Creo tanto en vosotros que os necesito amando en acción de evangelio. Veros como enemigos es
error, Dios nos ha unidos como uno es su Cuerpo, para ser santos. Además, si no os exigiera la
purificación de la conciencia respecto al llamado, no sería ni hermano ni vuestro servidor. Amo todo
lo vuestro de tal forma que quiero una entrega fiel, sencilla, sincera, capacitada para ser obediencia
en acción redentora, a que no os reservéis, a que trabajéis continuamente por el amor que os mueve
a ser verdaderos hermanos de la reconciliación. Os veo llamados y convocados, pero es necesario
que como pueblo, como nación, como grupo os améis en el único que merece la pena: Jesucristo,
nuestro Redentor. Pediros el amor no es erróneo, menos si os suplico que miréis el bautismo
recibido y que ahora debéis hacerlo carisma concreto, hermoso y profundo: Dios nos ha llamado a
ser santos en comunidad.

Porque creo en el grupo, creía necesario antes de llegar que supierais que necesito de cada
uno de vosotros de tal forma que formemos una organización perfecta según el Evangelio, que no
haya un “pero” desconfiado o egocéntrico cuando lo que ha de prevalecer es la comunidad, y con
ella el servicio a los pobres y a la gente. Nuestra mirada se eleva, ha de llegar a creer en que, aunque
muchos son los llamados y pocos los elegidos, éstos han de saberse convertidos, sin vuelta atrás en
el servir de forma reparadora. No somos los mejores, ni los únicos, pero sí los que en la Iglesia
hemos de dar la cara por esa llamada específica que Dios nos ha hecho: ser adoradores del misterio
eucarístico que se hace caridad. En una comunidad rota, separada, que no se ama, y el hno,
Alexander María de san Luis Gonzaga ha visto conmigo esa realidad, que ha producido dolor e
impotencia, no podemos ponernos de signos ni de testigos. ¿Cómo vendrán jóvenes cuando nos ven
pelear o en desacuerdo en lo fundamental que es la comunidad? Dejar los chismes, propio de
mujeres, abandonar las miradas y los comentarios indebidos que ponen en peligro la comunión, son
urgencias en nuestra vida de convertidos.

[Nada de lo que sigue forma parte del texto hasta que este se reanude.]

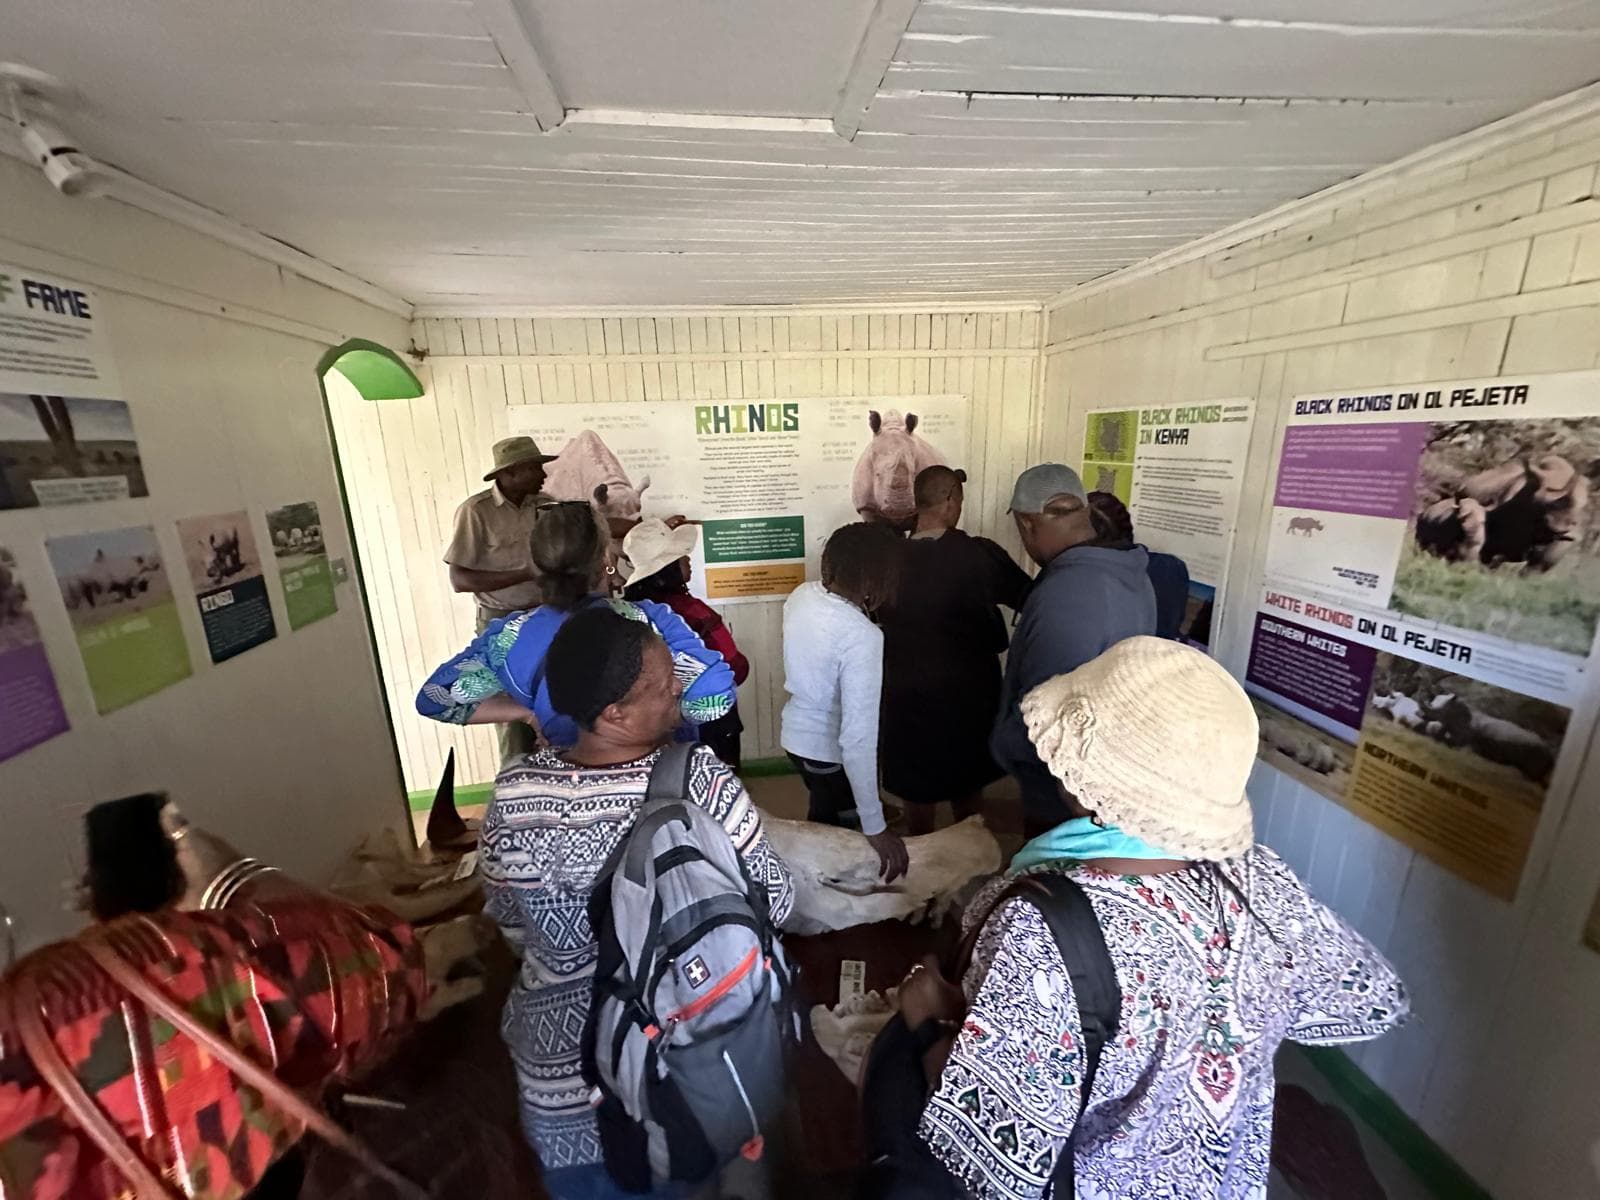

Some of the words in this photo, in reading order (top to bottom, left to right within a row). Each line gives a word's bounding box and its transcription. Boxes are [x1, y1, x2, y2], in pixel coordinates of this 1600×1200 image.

[21, 279, 92, 319] FAME
[1140, 408, 1172, 426] BLACK
[1174, 405, 1222, 425] RHINOS
[1295, 398, 1332, 416] BLACK
[1337, 394, 1393, 414] RHINOS
[1397, 393, 1418, 411] ON
[1424, 391, 1443, 409] OL
[1450, 384, 1529, 408] PEJETA
[694, 403, 799, 435] RHINOS
[1139, 429, 1152, 445] IN
[1154, 428, 1189, 445] KENYA
[1260, 619, 1306, 644] SOUTHERN
[1306, 632, 1348, 658] WHITES
[1265, 591, 1301, 614] WHITE
[1304, 603, 1354, 629] RHINOS
[1357, 618, 1377, 636] ON
[1381, 624, 1398, 643] OL
[1403, 630, 1472, 664] PEJETA

Dios nos necesita sanos, pacificados, sin querellarnos con nadie, nos quiere obedientes y
generosos, sin quitar al hermano su puesto, respeto, credibilidad, ciencia. Si en la comunidad no
permitimos que el otro actúe, no podré permitir la bendición para mi vida. Dios actúa en el hermano
como en mí, con libertad, con santidad. Lo que se me pide es servir, no se tacaño, si ante mis
obligaciones no permito que el otro se acerque y me ayude en un momento determinado, o si me
creo más que el otro y le humillo con mis acciones, no he comprendido nada sobre la caridad, el
amor, la honestidad. Tomar conciencia del llamado es abrirse a la gracia de Dios, es mirar sin miedo
al cielo, creerle a Dios que ha creído en mí. Creer en la comunidad que busca ser santa con los actos
de los otros y los míos en comunidad. La conciencia es libre para amar, para obedecer, para sentirse
dentro del corazón. Cuando traiciono esta conciencia pura, todo lo hago mal, y, pienso, que lo
mejor es irme, abandonar, propio de inmaduros y de cobardes que jamás podrán ser de Dios, pues
cierran la puerta de la acción gratuita del Espíritu Santo en su vida.

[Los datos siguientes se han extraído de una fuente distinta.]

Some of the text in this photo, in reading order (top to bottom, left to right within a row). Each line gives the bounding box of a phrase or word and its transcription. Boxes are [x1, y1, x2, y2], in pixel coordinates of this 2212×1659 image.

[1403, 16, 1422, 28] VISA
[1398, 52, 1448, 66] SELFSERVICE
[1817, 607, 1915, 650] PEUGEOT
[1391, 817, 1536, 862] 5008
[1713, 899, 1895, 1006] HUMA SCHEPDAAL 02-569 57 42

Al terminar esta carta, escrita con el ánimo precisamente de animaros a creer en este sueño
que nos pertenece, a que os miréis sinceramente y no os insultéis, ni dudéis, sino que abandonados
en la oración sepáis que Dios está ahí cerca de cada corazón que le busca con el alma. Que lo que
estamos haciendo es comenzar, y que cada paso inicial es esencial para que tengamos un mañana
dentro de la comunidad eclesial.

A María, nuestra Madre de la Reconciliación y la Vida abandono vuestra vocación, la


conciencia de ser acogido con el cariño y el afecto de los que amo y deseo un crecimiento espiritual,
al fin y al cabo lo que más deseo en vosotros. Pido al Espíritu Santo os colme de sabiduría para
estar alegres en el Señor, y seguir este camino.

Abrazo vuestras vidas en Cristo, nuestro Redentor.